» TASK REQUIREMENTS
Transcribe the entries below exactly; leave every image out.

****

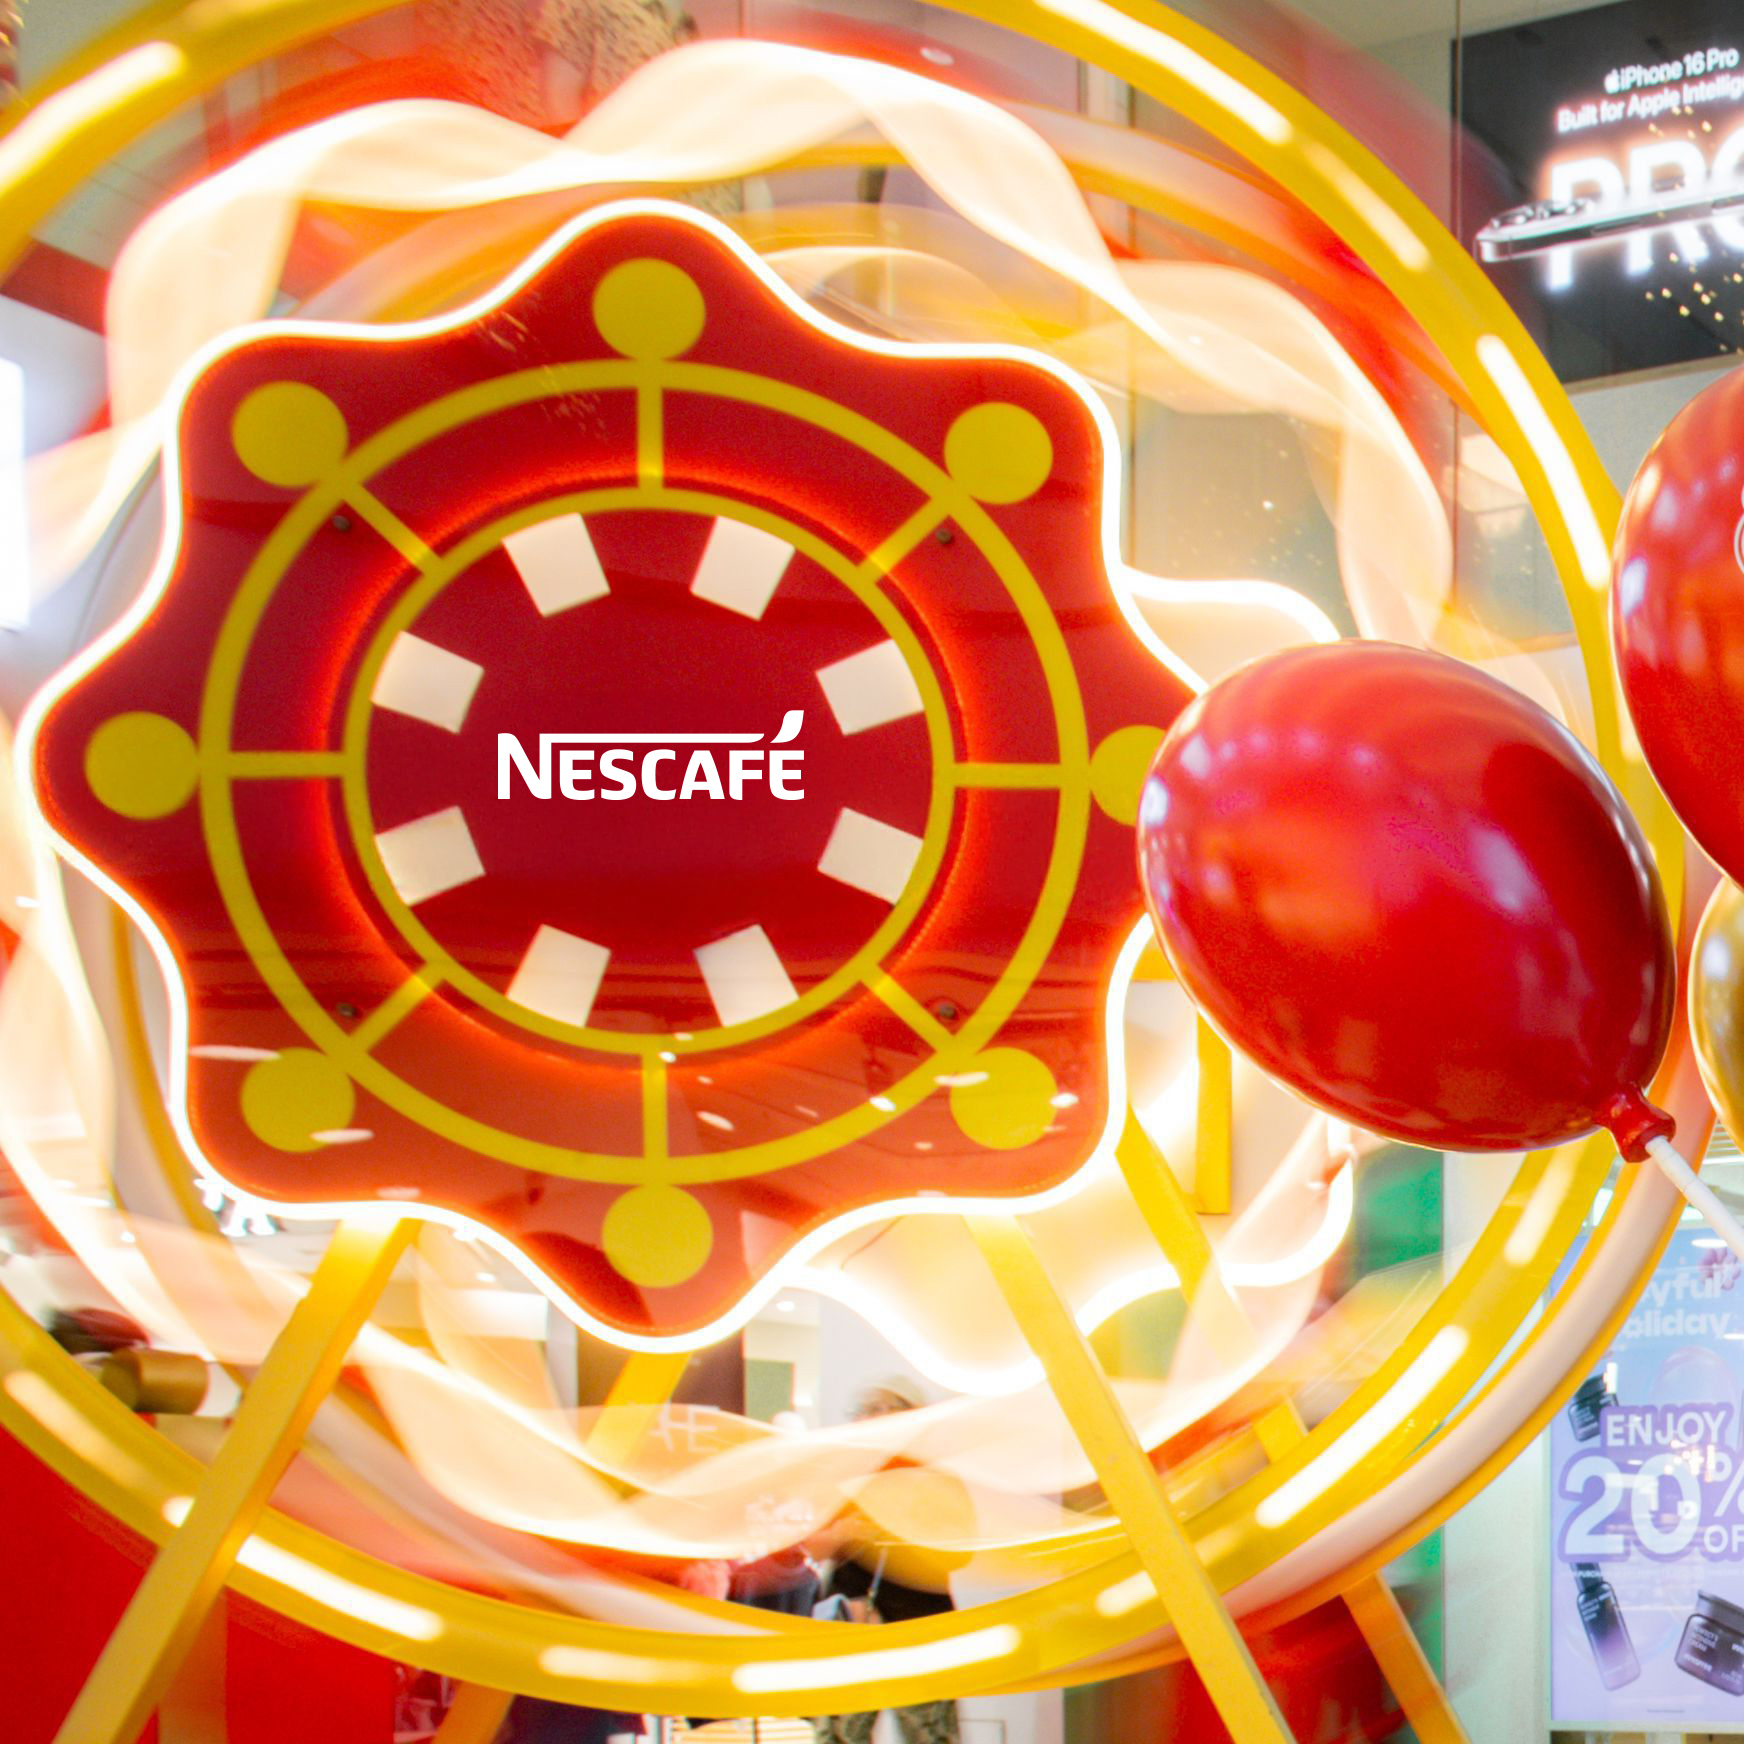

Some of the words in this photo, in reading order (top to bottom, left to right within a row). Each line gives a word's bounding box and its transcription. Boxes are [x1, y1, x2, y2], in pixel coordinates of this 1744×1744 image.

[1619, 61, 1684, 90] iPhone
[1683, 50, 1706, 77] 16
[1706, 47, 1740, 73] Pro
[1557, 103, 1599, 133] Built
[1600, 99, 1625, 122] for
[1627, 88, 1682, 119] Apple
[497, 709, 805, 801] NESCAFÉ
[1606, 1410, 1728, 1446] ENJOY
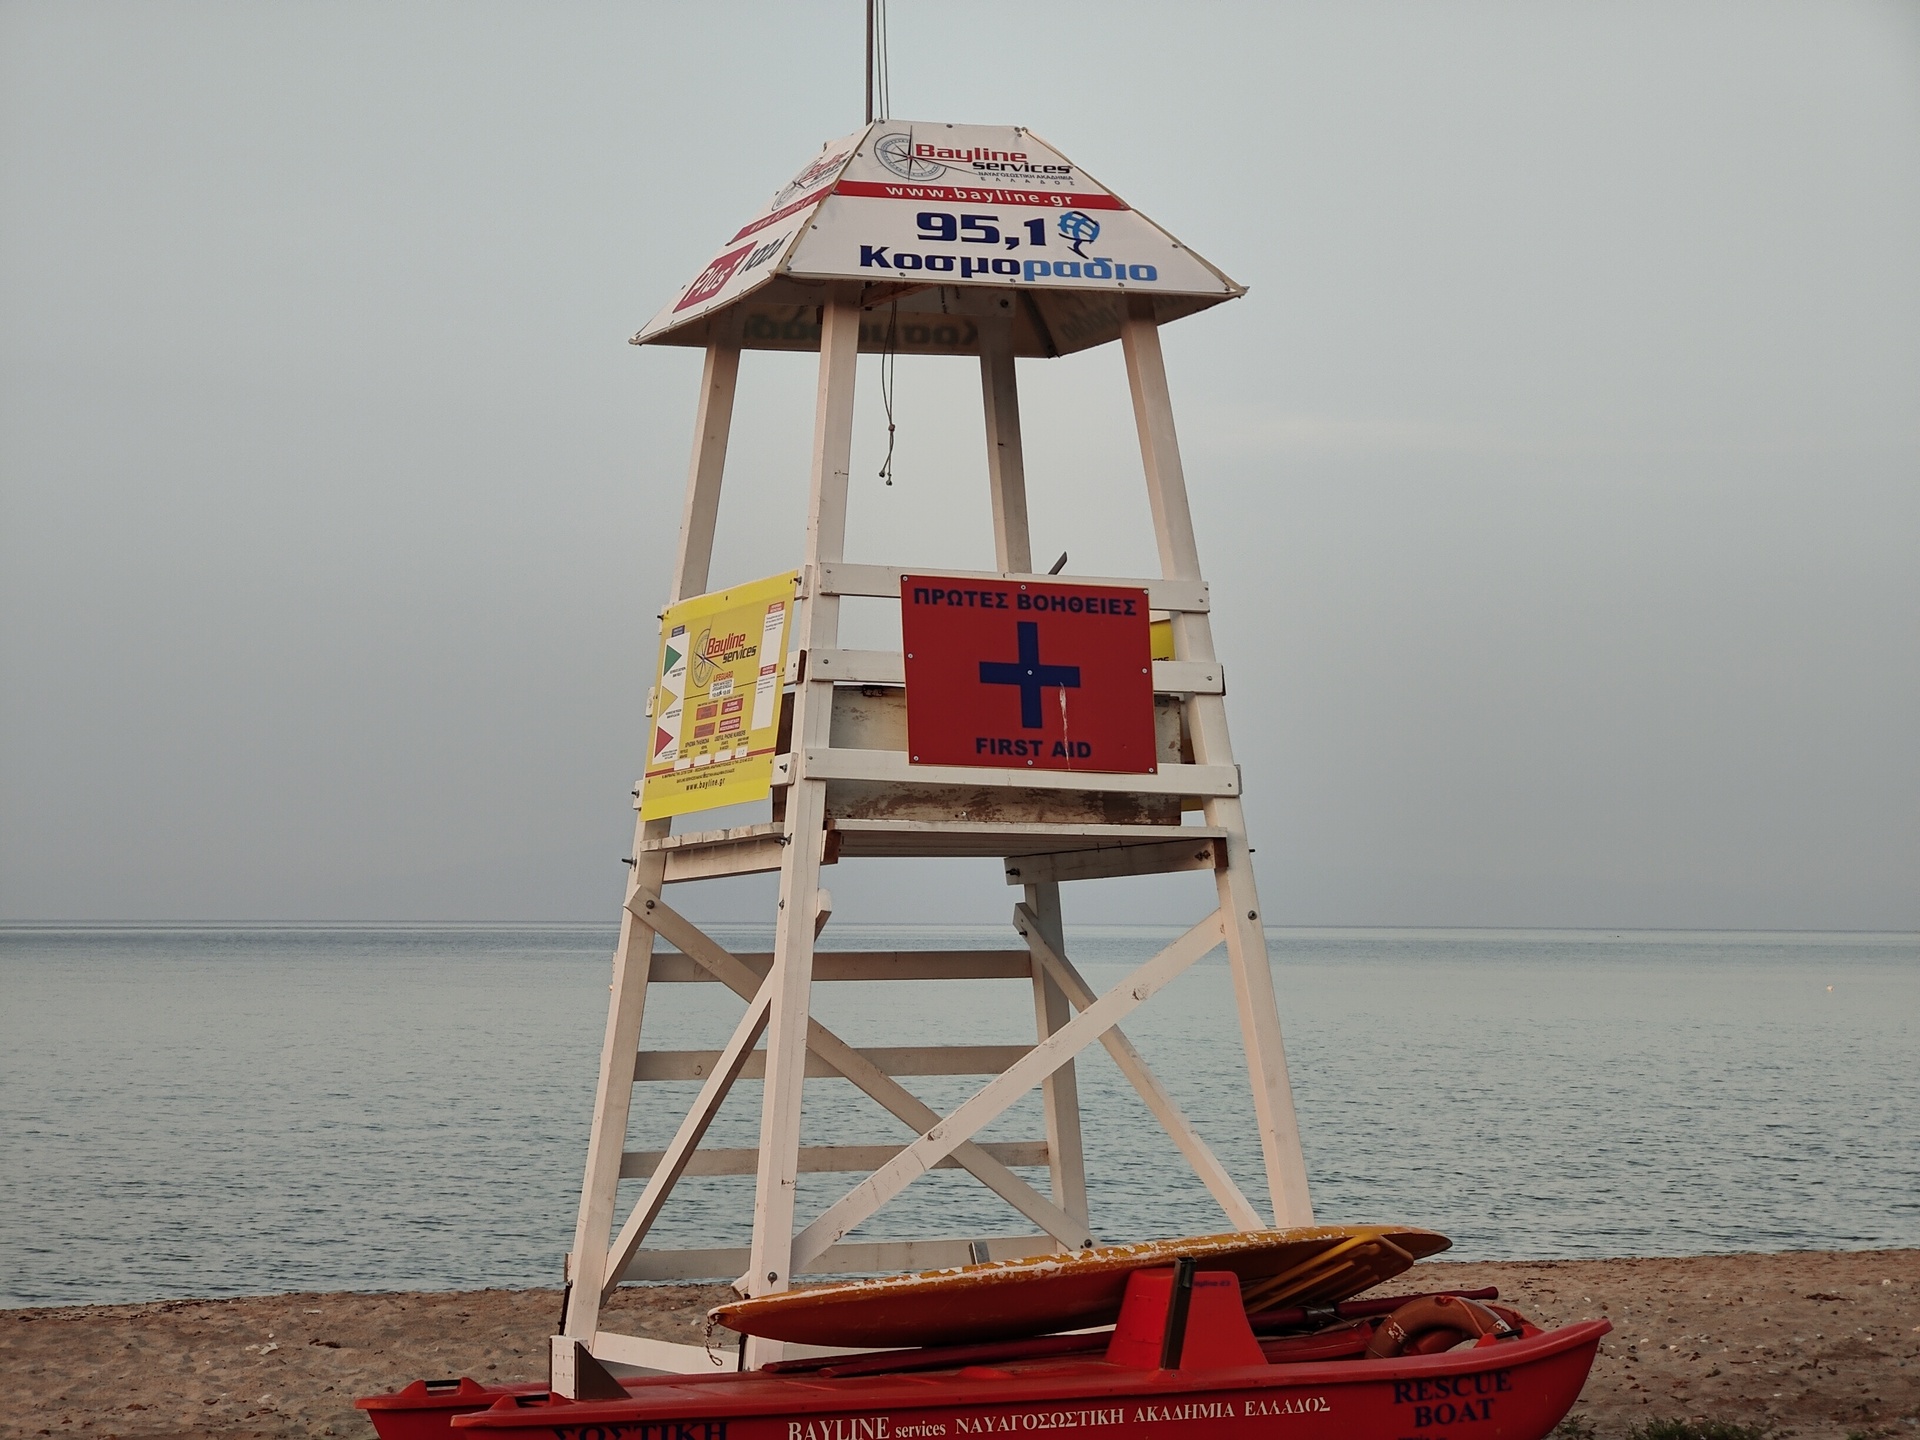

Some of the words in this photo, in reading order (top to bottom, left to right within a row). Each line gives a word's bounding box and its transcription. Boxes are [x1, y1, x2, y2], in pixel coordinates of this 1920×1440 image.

****

» RESPONSE AREA
Some of the words in this photo, in reading order (top to bottom, left to right within a row). Each line gives a word's bounding box and its transcription. Boxes are [x1, y1, x2, y2], in pixel coordinates of this 1744×1744 image.

[1619, 61, 1684, 90] iPhone
[1683, 50, 1706, 77] 16
[1706, 47, 1740, 73] Pro
[1557, 103, 1599, 133] Built
[1600, 99, 1625, 122] for
[1627, 88, 1682, 119] Apple
[497, 709, 805, 801] NESCAFÉ
[1606, 1410, 1728, 1446] ENJOY

Some of the words in this photo, in reading order (top to bottom, left to right within a row). Each line gives a word's bounding box and its transcription. Boxes are [x1, y1, x2, y2], in pixel coordinates of this 1920×1440 image.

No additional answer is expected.